In 1627, Van Dyck returned to Antwerp, where he was given a triumphal welcome. He received many commissions for churches and became a court painter to the Archduchess Isabella in 1630. He created an astonishing amount of portraits during his stay in Antwerp in 1627-1632, the best of them are Portrait of Maria Louisa de Tassis (c.1630), Philippe Le Roy (1630), Marie de Raet, Wife of Philippe Le Roy (1631), Prince Rupert von der Pfalz (1631-1632). He also undertook a bigger project Iconography, for which he created the engravings of the famous people of the time: monarchs, commanders, philosophers, artists, collectors. It was published in 1628-1641.
In 1632, Charles I invited Van Dyck to England to be a court painter. He was knighted, rewarded with the generous annuity of £200 and lavished with gifts. Sir Anthony van Dyck was crucial to Charles I: his portraits were designed to support the King in his claim to be absolute monarch. Other artists painted Charles, too, but it is Van Dyck's image of this melancholic, doomed King that is remembered in history. Van Dyck painted 37 pictures of Charles I and 35 of his Queen Henrietta Maria. The best of them are Equestrian Portrait of Charles I, King of England with Seignior de St. Antoine (1633), Queen Henrietta Maria with Sir Jeffrey Hudson (1633), Charles I, King of England, at the Hunt (1635) Charles I, King of England (1636), Charles I, King of England, from Three Angles (1636), Children of Charles I (1635), Equestrian Portrait of Charles I, King of England (1638). Van Dyck become a celebrated portraitist of the English court and aristocracy. In less that 10 years he created over 350 pictures, including royal portraits. His best portraits are Philip, Lord Wharton (1632), George Villiers, 2nd Duke of Buckingham and His Brother Lord Francis Villiers (1635), Thomas Howard, 2nd Earl of Arundel and Surrey with His Grandson Lord Maltravers (1635), James Stuart, Duke of Lennox and Richmond (1637), Lord John Stuart and His Brother Lord Bernard Stuart (1637), George Digby, 2nd Earl of Bristol and William Russell, 1st Duke of Bedford (1637), Princess Mary Stuart and Prince William of Orange (1641).
In 1639, Van Dyck married Mary Ruthven, grand-daughter of the Earl of Gowrie. His only daughter was born on the 1st of December, 1641 and on the 9th of December, 1641 he died in London. He was buried in the St. Paul Cathedral.
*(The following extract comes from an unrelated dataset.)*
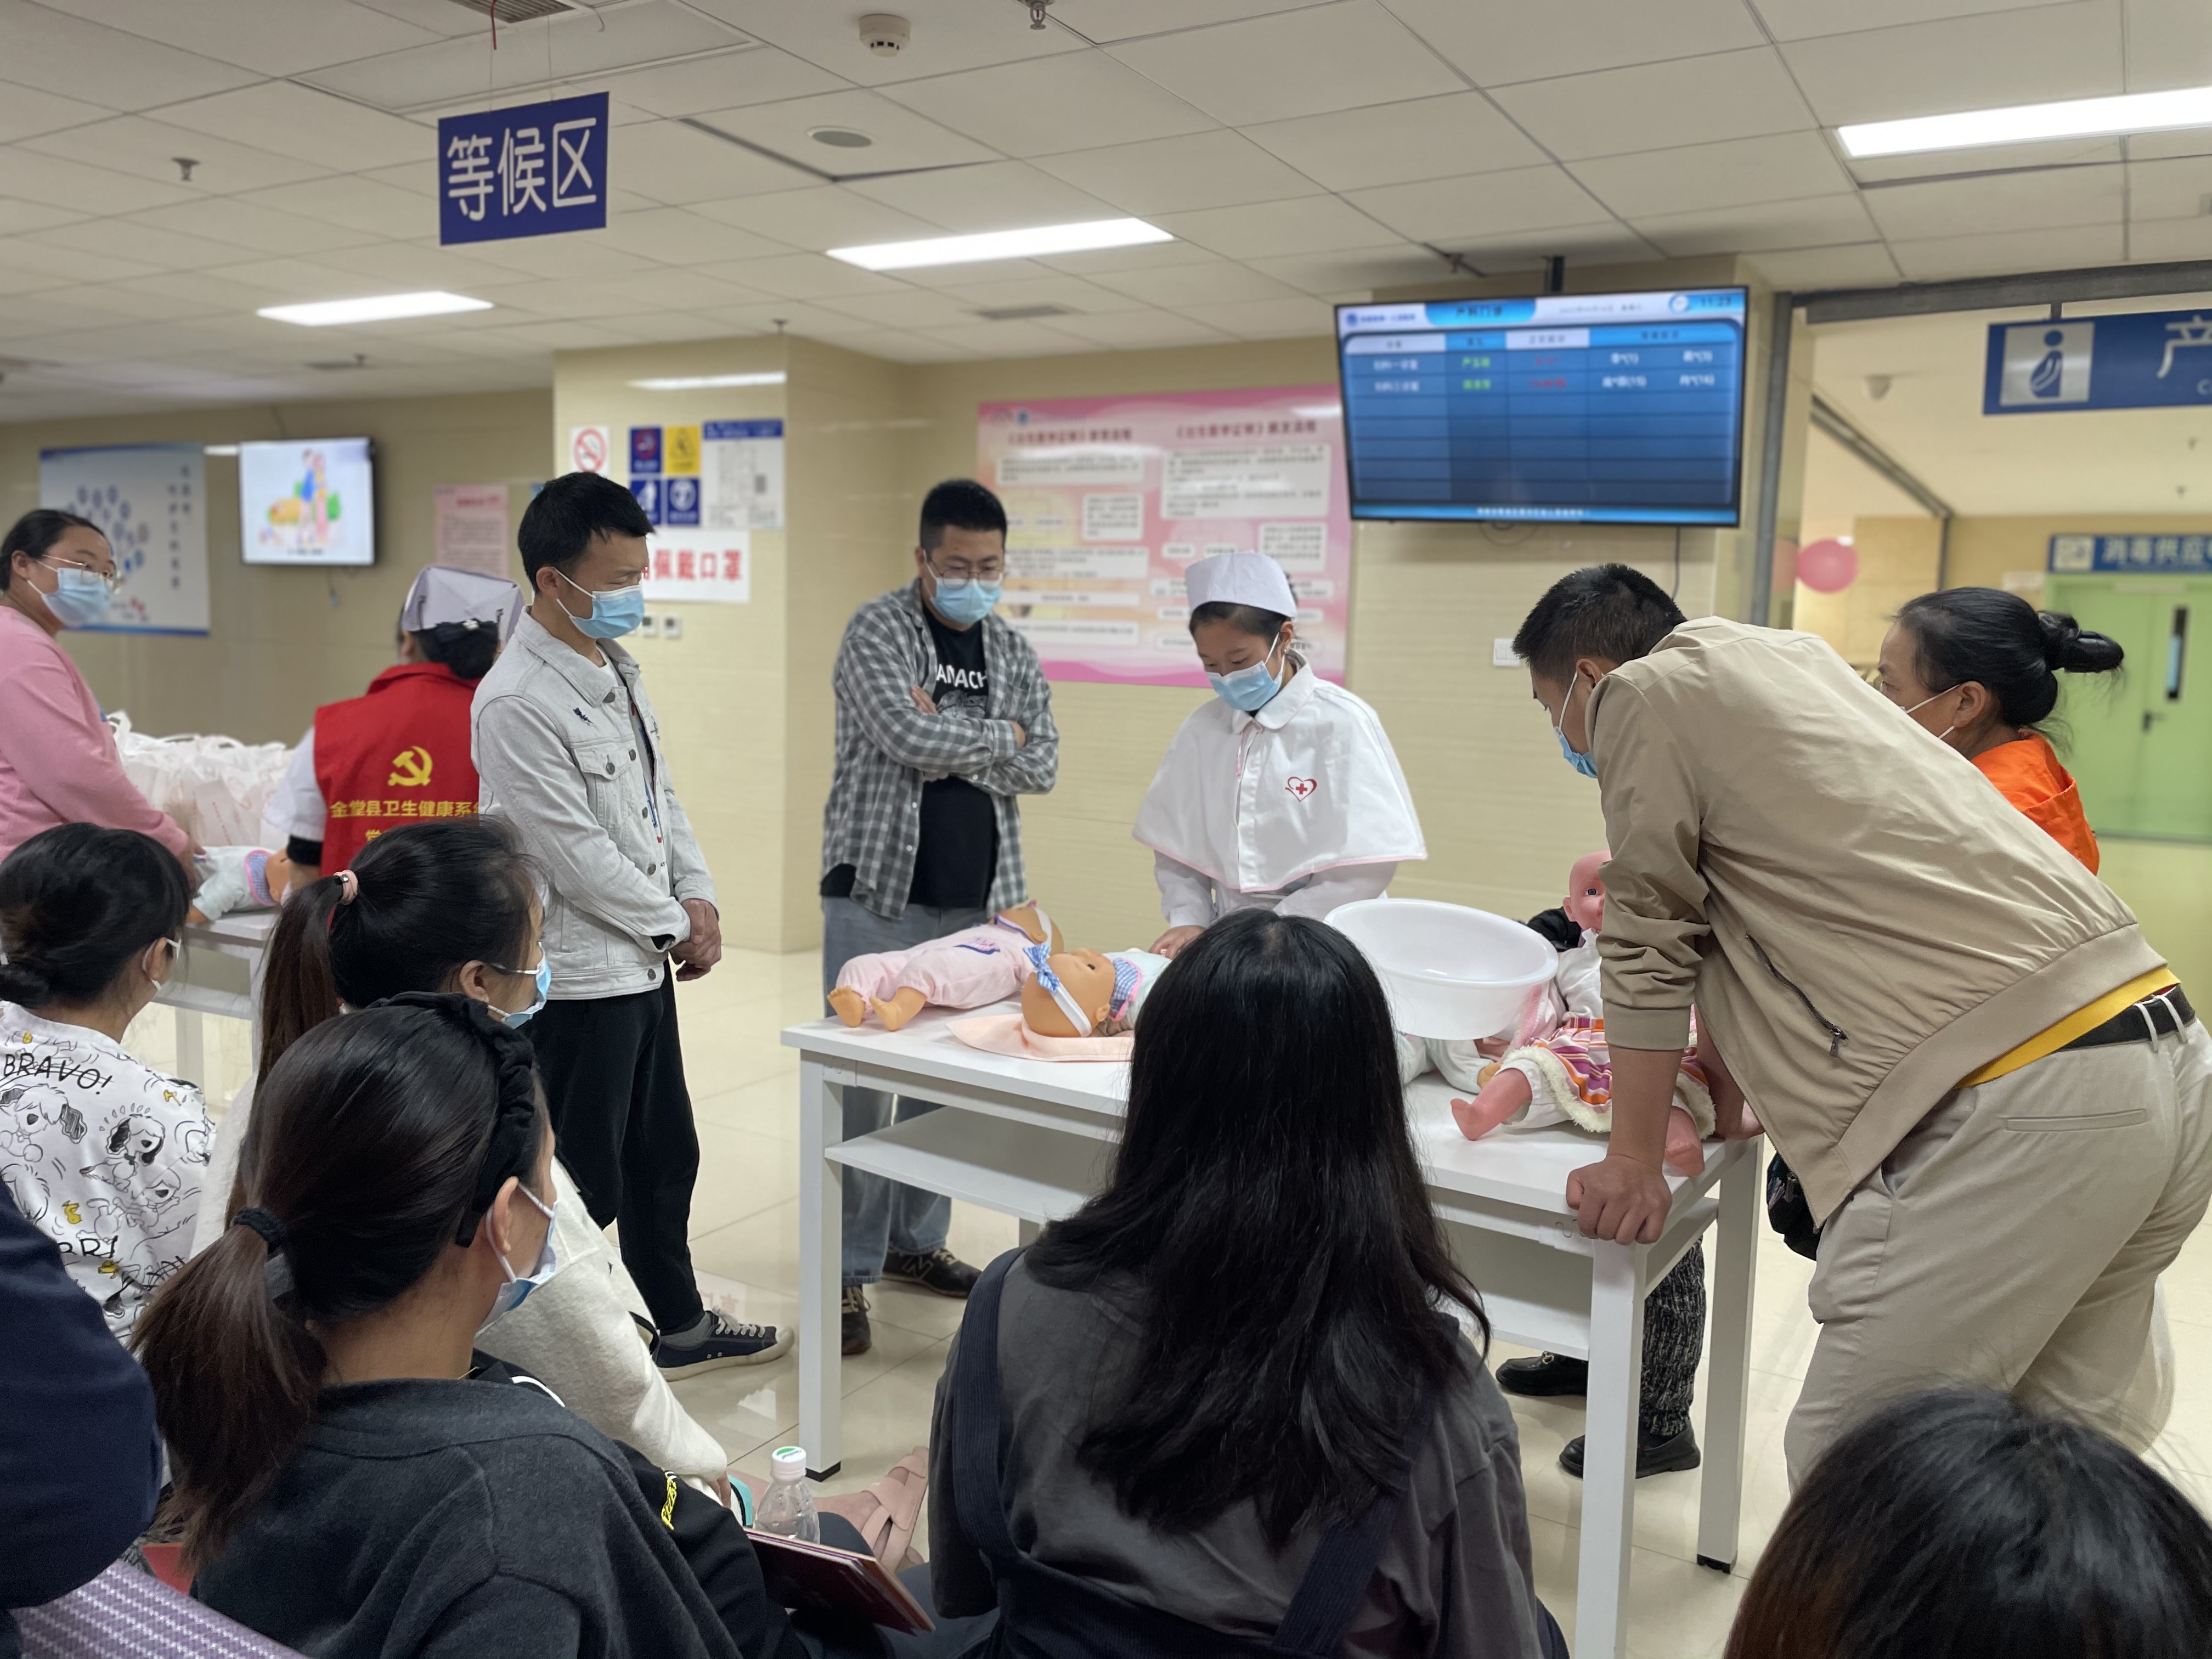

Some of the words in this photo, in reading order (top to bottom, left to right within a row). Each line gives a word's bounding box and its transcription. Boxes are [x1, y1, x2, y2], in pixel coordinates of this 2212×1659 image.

In his court portraits Van Dyck established a style of characterization that was to persist all over the Europe for more than two centuries: in his visions of tall and aloof, yet relaxed, elegance, he showed the most subtle ability to bring a precise physical likeness into compositions of fluent and elaborate Baroque splendor. He was in particular a stimulus to English painters, such as Gainsborough, Reynolds and Lawrence.
— The records of the Antwerp Guild of Saint Luke first mention Anthony van Dyck, who was born in that city in 1599, as an apprentice of Hendrick van Balen in 1609. By 1618 Van Dyck was received as an independent master by the guild. Prior to that time he had established contact with the older Rubens. The scanty contemporary evidence suggests a changing collaborative relationship between the two artists, as Van Dyck would move from the position of a gifted apprentice to that of the most important member of Rubens's large studio.
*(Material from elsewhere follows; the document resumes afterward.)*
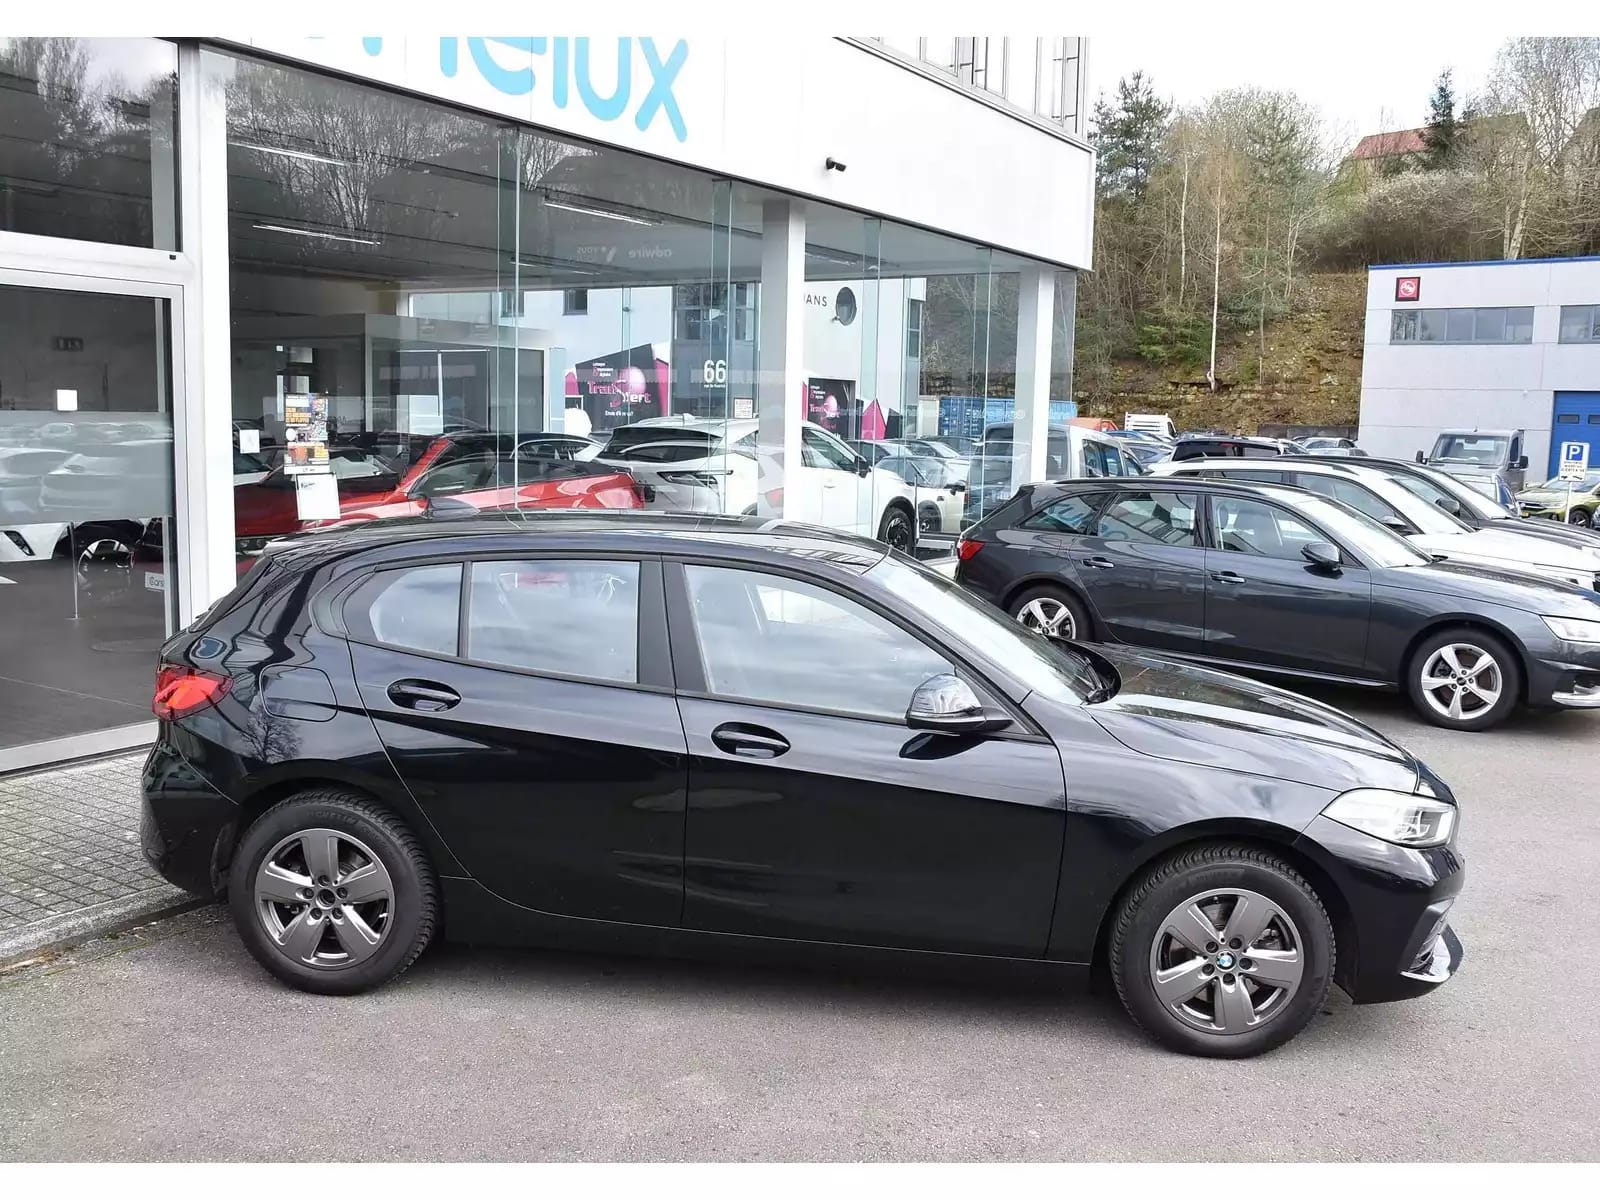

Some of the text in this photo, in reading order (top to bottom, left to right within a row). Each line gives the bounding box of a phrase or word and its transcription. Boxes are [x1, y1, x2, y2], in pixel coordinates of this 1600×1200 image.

[363, 37, 689, 143] elux
[804, 293, 828, 307] ANS
[703, 359, 726, 383] 66
[1568, 446, 1581, 460] P
In the fall of 1620 Van Dyck is first recorded in England, at the court of James I. Returning briefly to Antwerp in 1624, Van Dyck then traveled to Italy, visiting Genoa, Venice, Florence, Rome, and Palermo, before arriving back in Antwerp by the beginning of 1628. The effect of Venetian colorism, particularly as seen in the works of Titian, reinforced lessons learned from Rubens; Van Dyck remained a brilliant colorist throughout his career. Working in Antwerp until 1632, Van Dyck then returned to England at the invitation of Charles 1, who knighted him that year.
Broken only by brief visits to the Continent, Van Dyck would spend the rest of his life in England, where he died at the age of forty-two. An accomplished history painter, Van Dyck is best known today as a portraitist. In addition to his consummate technical skill, Van Dyck's ability to capture the facial features of his portrait subjects and to characterize their social status soon made him much sought after by Europe's nobility and aristocracy. His portraits of the first Genoese period and later, which were initially based on the Italian portraits of Rubens, created the vocabulary of aristocratic portraiture that remained preeminent until the nineteenth century and that helped to shape England's great portrait tradition.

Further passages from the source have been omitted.